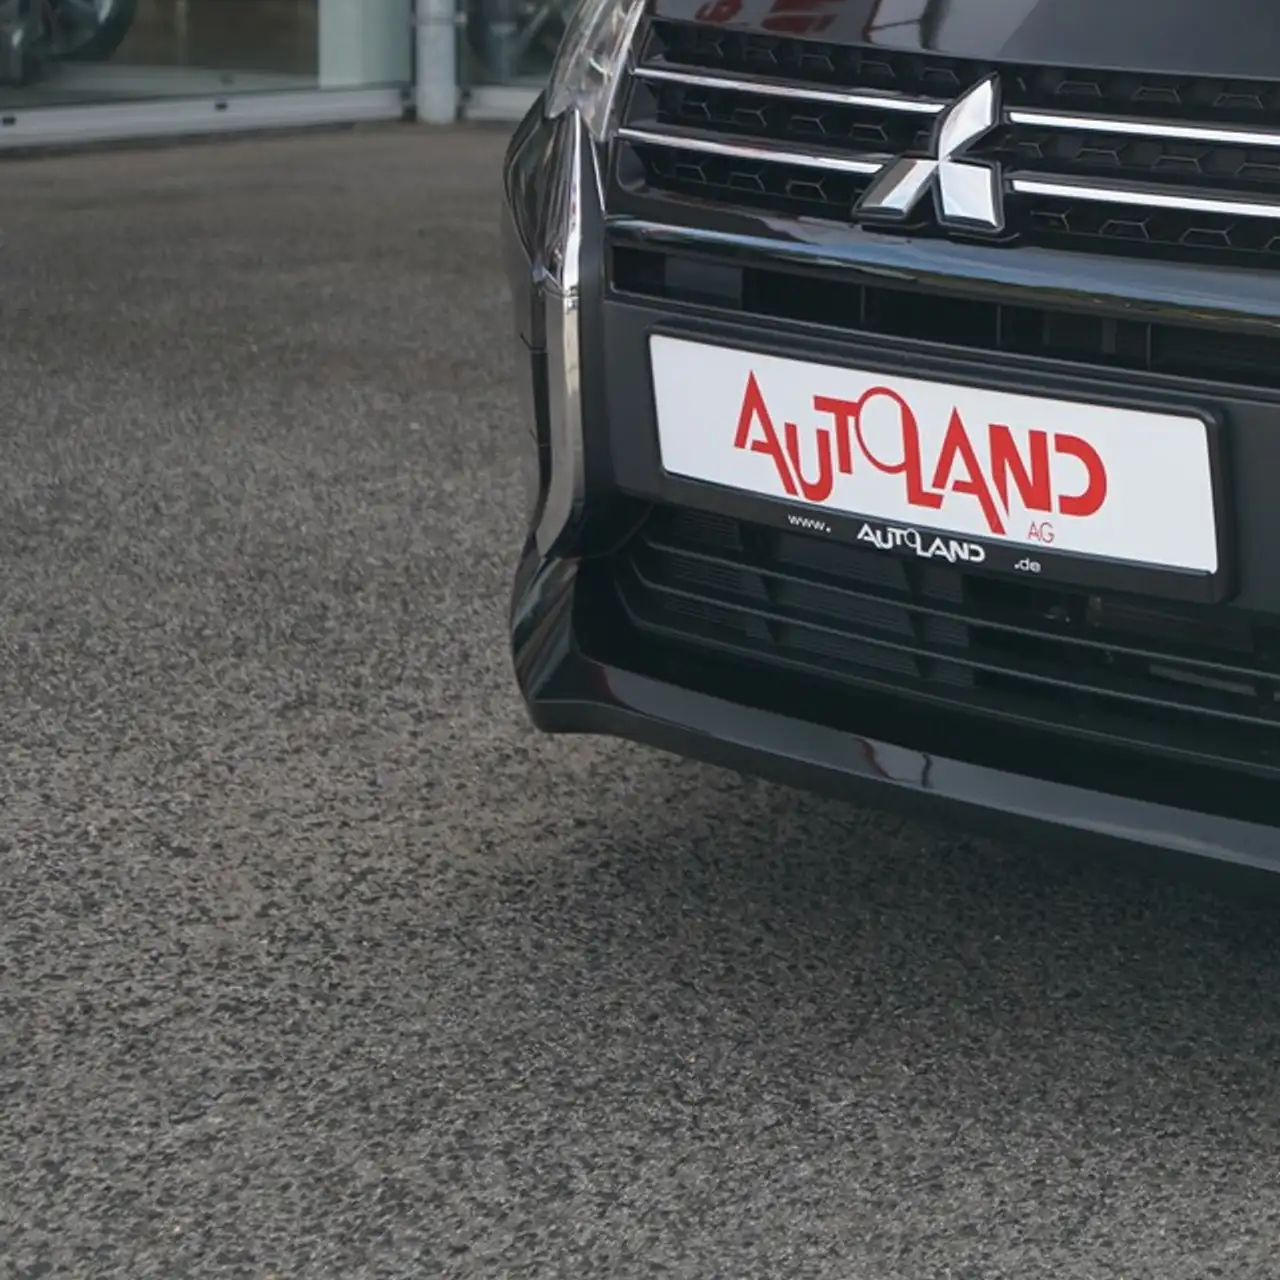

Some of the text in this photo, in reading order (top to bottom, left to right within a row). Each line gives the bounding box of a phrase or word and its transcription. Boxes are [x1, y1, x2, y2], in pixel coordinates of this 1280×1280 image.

[734, 369, 1107, 535] AUTOLAND
[787, 514, 1042, 573] www. AUTOLAND .de
[1027, 521, 1055, 543] AG
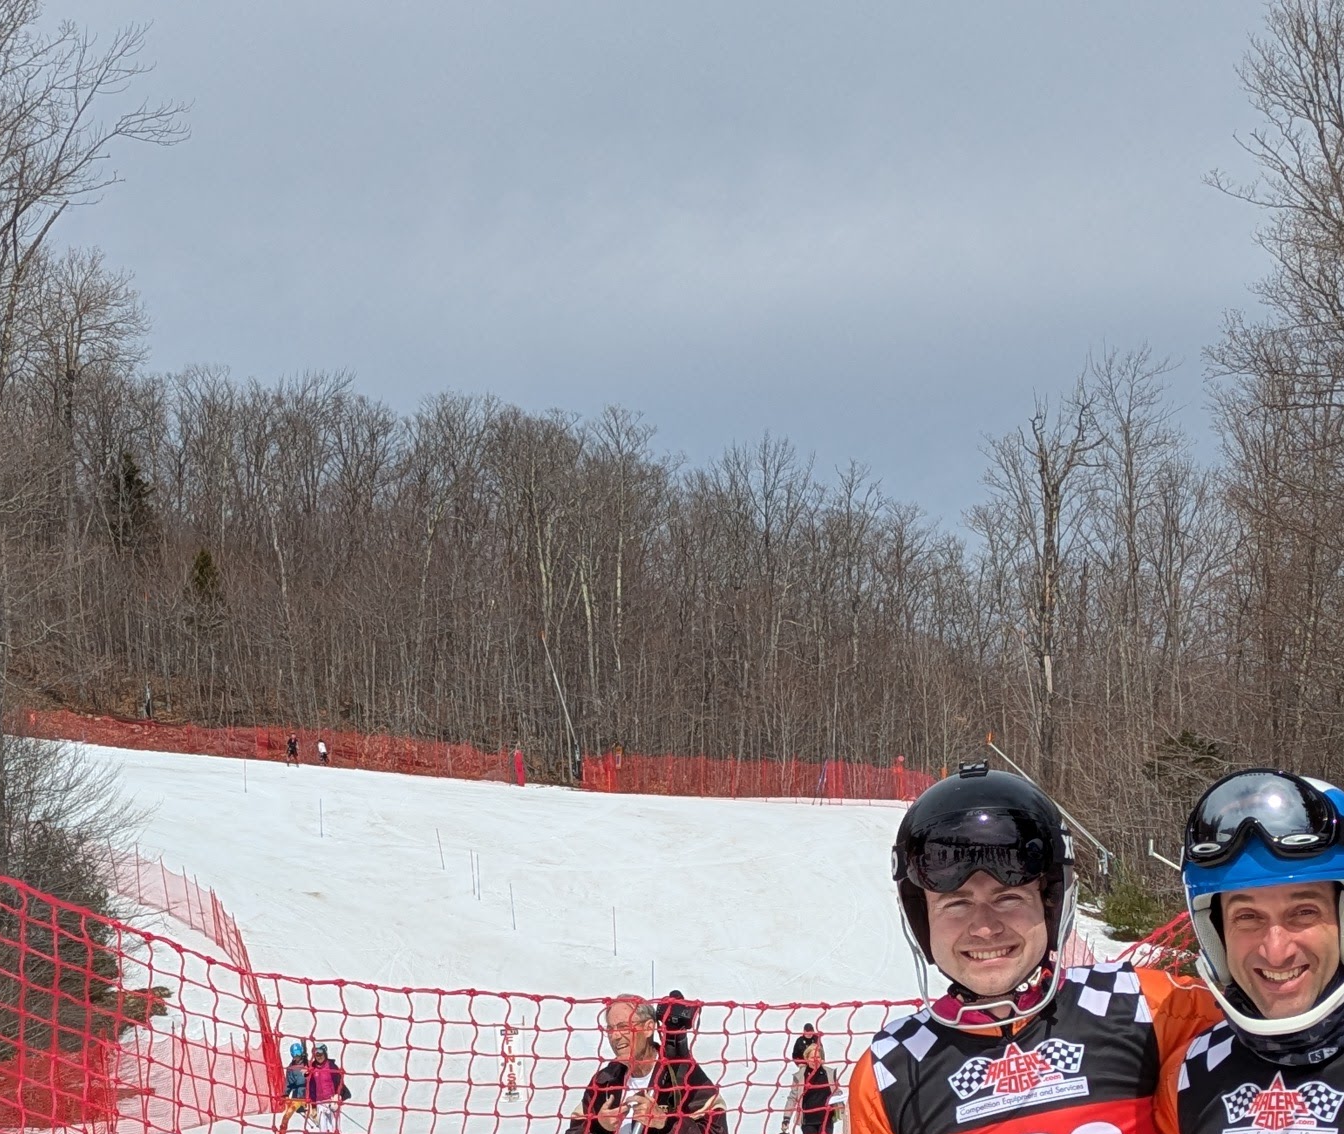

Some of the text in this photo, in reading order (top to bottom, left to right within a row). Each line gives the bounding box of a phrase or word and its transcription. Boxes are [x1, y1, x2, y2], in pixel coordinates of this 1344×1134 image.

[984, 1051, 1052, 1086] RACERS
[996, 1070, 1042, 1093] EDGE
[959, 1083, 1084, 1116] Competition Equipment and Services
[1248, 1092, 1308, 1114] RACERS
[1255, 1111, 1295, 1131] EDGE

= = = = = = =

### What you need to do
Exactly the lines from the one containing "this 1344×1134 image." through the end of the records should be reproduced, and no others.

### Response to the task
Some of the text in this photo, in reading order (top to bottom, left to right within a row). Each line gives the bounding box of a phrase or word and its transcription. Boxes are [x1, y1, x2, y2], in pixel coordinates of this 1344×1134 image.

[984, 1051, 1052, 1086] RACERS
[996, 1070, 1042, 1093] EDGE
[959, 1083, 1084, 1116] Competition Equipment and Services
[1248, 1092, 1308, 1114] RACERS
[1255, 1111, 1295, 1131] EDGE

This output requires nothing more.